At least, “We'll see Saturday,” he said.

The paper Tigers got four turnovers from their opponent in the season opener.

They've had none since. Granted, the opposition has improved, the coach said. “You've got to get on those fumbles.”

Here's some other tangibles for the paper Tigers to consider as they head out of town for a the showdown Saturday at Carpenter Heygood Stadium in Arkadelphia, Arkansas:

 • The Reddies have a 16-game winning streak and have forgotten what it's like to lose. It hasn't happened since 2011.

 • The Reddies are ranked No. 8 in the nation in the AFCA poll and No. 10 in the D2 football;

 • The Reddies, behind the passing of quarterback Kevin Rodgers, are averaging  681 yards of total offense a game. That's the best in the entire NCAA among Division 2 teams.

 • The Reddies, in earning that 67 point per game average, are finishing with 466.3 yards per game in passing. Surely there's a law against gobbling up that much air space in a 120-yard playing surface.

Rogers has served up 410.7 of those yards by completing 75 of his 120 passes with just two picks. He's not a scrambler. He plays out of the spread and, well, spreads the football to receivers who turn short passes into long gains.

That impressive secondary that began the season for ECU, gave up three touchdown passes last week. Rogers will give them another test Saturday to see if they're real, or paper. 
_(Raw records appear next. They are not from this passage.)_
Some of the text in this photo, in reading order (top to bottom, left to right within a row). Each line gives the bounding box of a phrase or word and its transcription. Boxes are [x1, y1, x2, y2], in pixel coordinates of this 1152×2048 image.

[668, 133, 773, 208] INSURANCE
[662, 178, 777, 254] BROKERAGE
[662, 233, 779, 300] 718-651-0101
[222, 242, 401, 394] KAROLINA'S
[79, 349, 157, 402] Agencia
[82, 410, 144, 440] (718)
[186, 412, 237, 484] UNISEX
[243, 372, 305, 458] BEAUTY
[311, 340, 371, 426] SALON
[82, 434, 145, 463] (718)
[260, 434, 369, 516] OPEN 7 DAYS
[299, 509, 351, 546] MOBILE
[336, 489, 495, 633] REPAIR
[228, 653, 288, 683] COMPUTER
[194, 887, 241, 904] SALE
He's already thrown for 12 touchdowns.

 • The paper Tigers better get real if they want to slow down Darium Davis and Robert Jordan, the Reddies two talented wide receivers  Davis already has 20 catches for 420 yards and three TDs in three games, and Jordan has 19 catches for 312 yards and three scores.
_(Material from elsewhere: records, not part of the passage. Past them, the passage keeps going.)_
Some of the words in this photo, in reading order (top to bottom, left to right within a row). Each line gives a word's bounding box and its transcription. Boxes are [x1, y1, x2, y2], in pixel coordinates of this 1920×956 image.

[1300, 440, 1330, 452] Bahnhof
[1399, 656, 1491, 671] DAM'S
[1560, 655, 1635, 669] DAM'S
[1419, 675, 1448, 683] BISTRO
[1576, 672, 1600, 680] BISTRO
The Reddies defense is ranked No.  20 in the country, allowing 289.3 yards a game.

They've got an ill-tempered linebacker named Keaton Stigger who leads the team with 25 tackles. The Reddies give up 19.7 points per game.

The Reddies run a 4-3 defense with a 3-3- stack.  That's a nose tackle between two defensive ends and two linebackers stacked behind the nose, ready to go in either direction.

There have been some positives for the Tigers, too. They actually lead the conference in red-zone scoring, going 7-for-7 through the first three games. That's six touchdowns and one field goal. 

Quarterback Spencer Bond recovered from a rough outing the week before when he threw three interceptions to throw for 273 yards (21-of-33) for 270 yards against Ouachita Baptist. 

McCarty is taking the blame for last week's fake punt which changed the momentum of the game, ultimately leading to the loss.

JoJo Snell is still averaging six yards a carry, and in fact, the Tigers got 6.6 yards per snap in losing to Ouachita.

McCarty's philosophical football thought for the day: “You don’t cure cancer over night. But this isn't cancer.”